THE SOCIAL MOBILITY SCAM

  When I worked in commercial restaurant management, back in   the 1980s, we employed all sorts. This was London, the melting pot, a place where livings could be made, legitimate or otherwise. Sometimes, we didn’t enquire too rigorously into work permits, visas, and the like: if someone was prepared to spend their days with their heads stuck either in giant sinks stuffed full of greased-up kitchenware, or down the most recently blocked toilet, then good luck to them we’d say, and no questions asked.

  One such was a guy we called Prince. He was from somewhere in sub-Saharan Africa, was about as much as we knew, or cared to know. The legend had it that he was an actual Prince, back home, here to earn some money for his increasingly penurious tribe. Well, maybe. He didn’t speak a vast amount of English, but then my Swahili isn’t up to much either. He wasn’t the fastest, but he turned up, did what we asked, got paid for it, and went  home.

  Social mobility for this Prince had brought him to the steaming basements of Chelsea eateries; oh sure, financially, he’d moved up in the world. In other ways…

  This isn’t about Prince or his ancestry, or his simultaneous social up-and-down swings, although there is, of course, a lot that can  be said about the great colonial hangovers experienced in Africa and elsewhere. No, this is about a dishwasher, any dishwasher, who, to achieve anything in life, has to be aspirational, has to want to work his or her way up.  That’s the deal, isn’t it?

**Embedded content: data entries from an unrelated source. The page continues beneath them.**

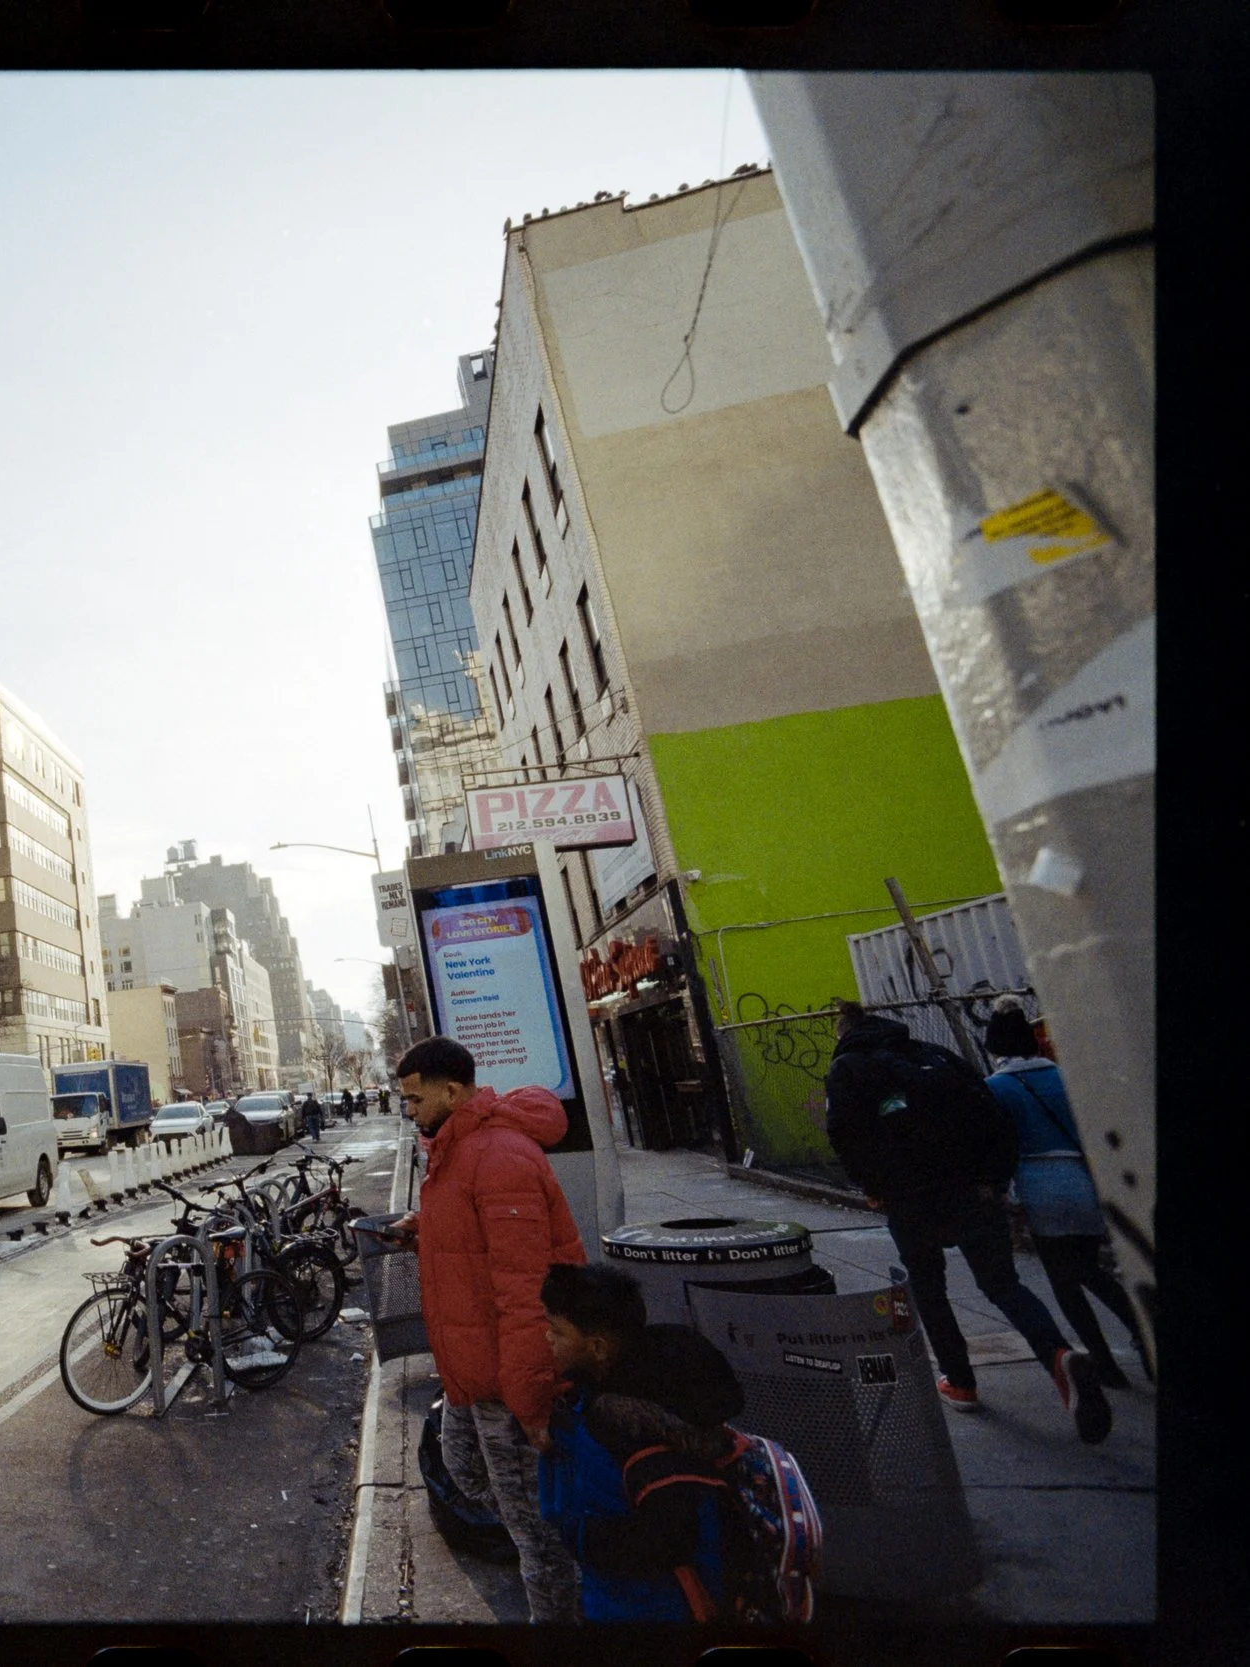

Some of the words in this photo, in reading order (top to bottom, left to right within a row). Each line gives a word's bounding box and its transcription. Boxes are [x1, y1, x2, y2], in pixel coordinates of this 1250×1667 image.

[475, 781, 618, 834] PIZZA
[497, 810, 622, 832] 212.594.8939
[484, 846, 532, 860] LinkNYC
[476, 915, 499, 925] CITY
[473, 923, 515, 936] STORIES
[445, 959, 467, 969] New
[468, 956, 491, 966] York
[447, 967, 495, 980] Valentine
[455, 1014, 478, 1022] Annie
[479, 1011, 502, 1020] lands
[502, 1009, 516, 1018] her
[456, 1022, 484, 1032] dream
[484, 1020, 497, 1031] job
[498, 1020, 506, 1028] in
[458, 1030, 503, 1041] Manhattan
[504, 1028, 520, 1036] and
[464, 1039, 486, 1050] rings
[486, 1038, 501, 1047] her
[501, 1037, 520, 1046] teen
[487, 1059, 497, 1068] go
[498, 1056, 528, 1067] wrong?
[623, 1247, 656, 1260] Don't
[662, 1249, 699, 1262] litter
[729, 1247, 768, 1261] Don't
[773, 1244, 800, 1257] litter
[776, 1333, 804, 1345] Put
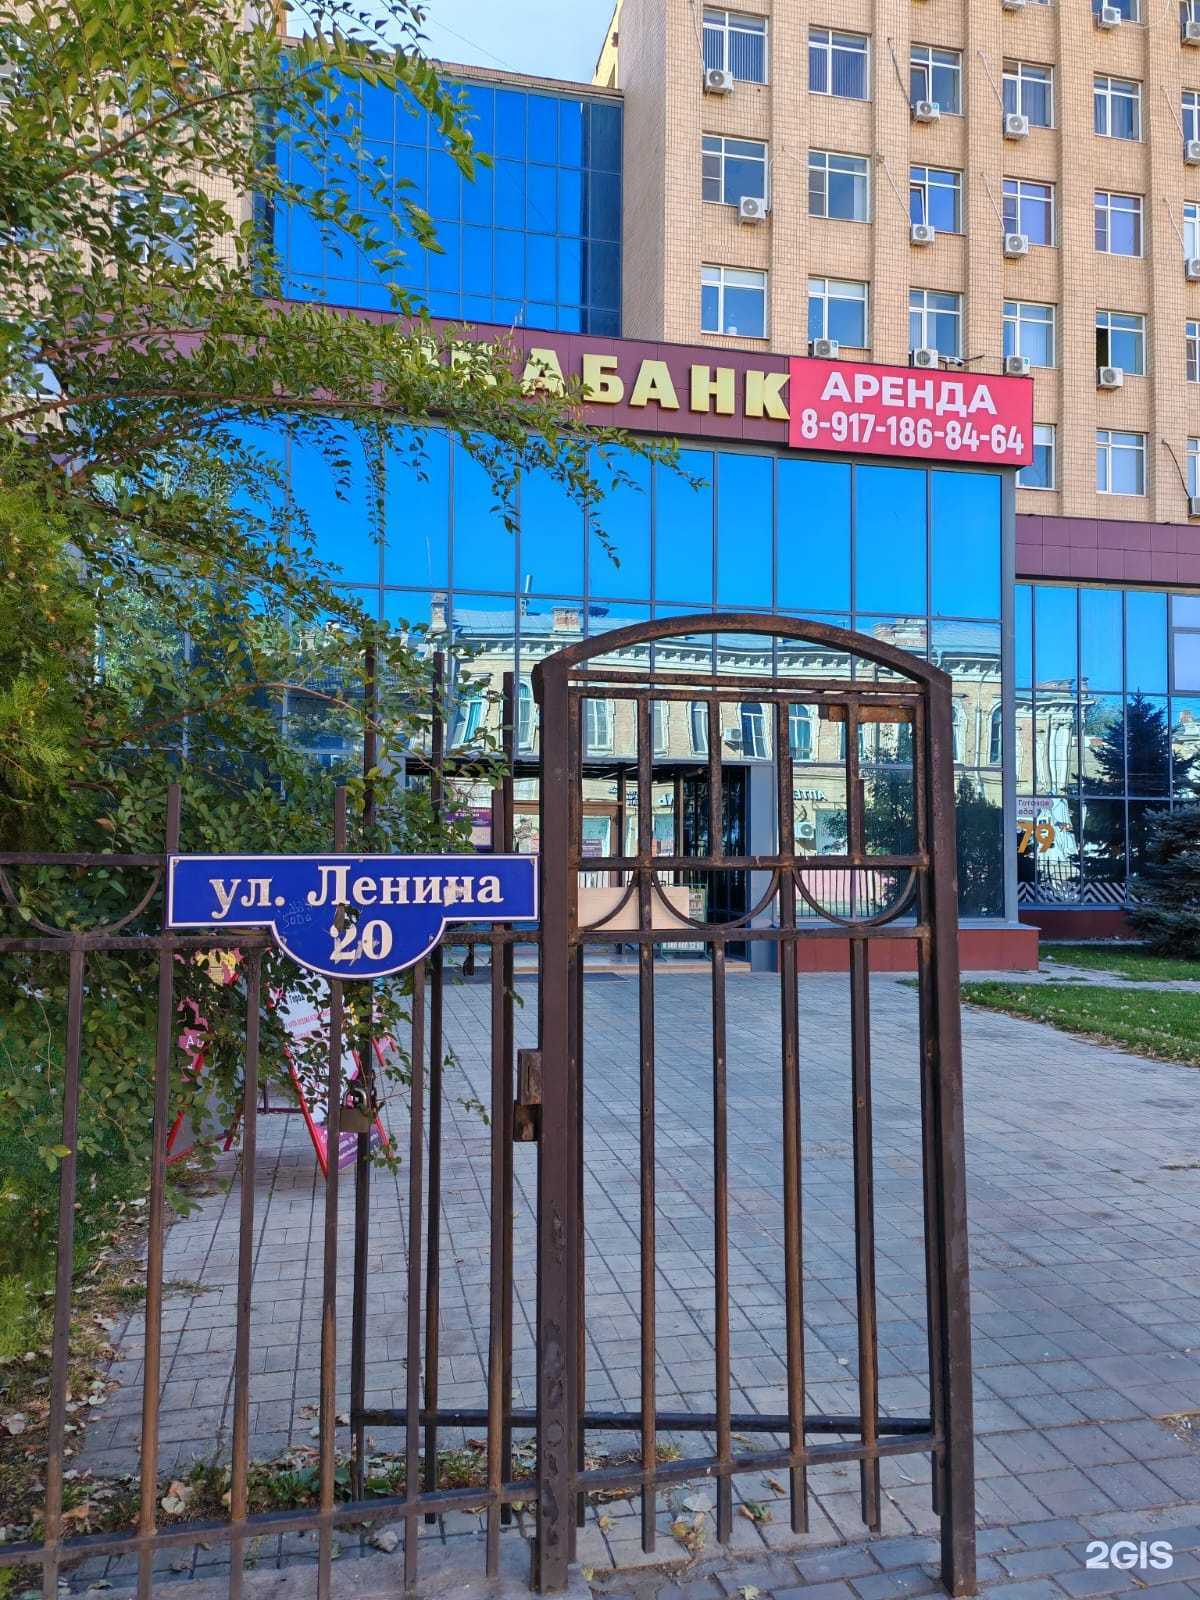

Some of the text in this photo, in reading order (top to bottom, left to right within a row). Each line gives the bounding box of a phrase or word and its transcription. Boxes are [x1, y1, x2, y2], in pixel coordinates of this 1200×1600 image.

[820, 371, 998, 418] АРЕНДА
[801, 408, 1024, 456] 8-917-186-84-64
[1017, 821, 1055, 853] 79
[209, 879, 285, 920] ул.
[307, 865, 504, 907] Ленина
[329, 919, 394, 964] 20

  Years later, I worked with a woman called Marie on  petrol station nightshifts; I was working part-time, studying for  a degree; Marie was putting food on the table. She was kind, hard-working, worldly-wise enough, with not the slightest interest in becoming ‘socially mobile’. She’d have welcomed the occasional pay rise, though; that I do know.

  There are millions of Princes and Maries; it’s been my pleasure and privilege to work alongside a few over the years. This pandemic has shown us the real value of all this – people serving in shops, delivering groceries, takeaways, emptying the bins. The restaurant couldn’t have functioned without Prince. His work mattered. Is there any way we might perhaps create pay and conditions that reflect the importance of this kind of work?  (Over to you, Mr Bezos?)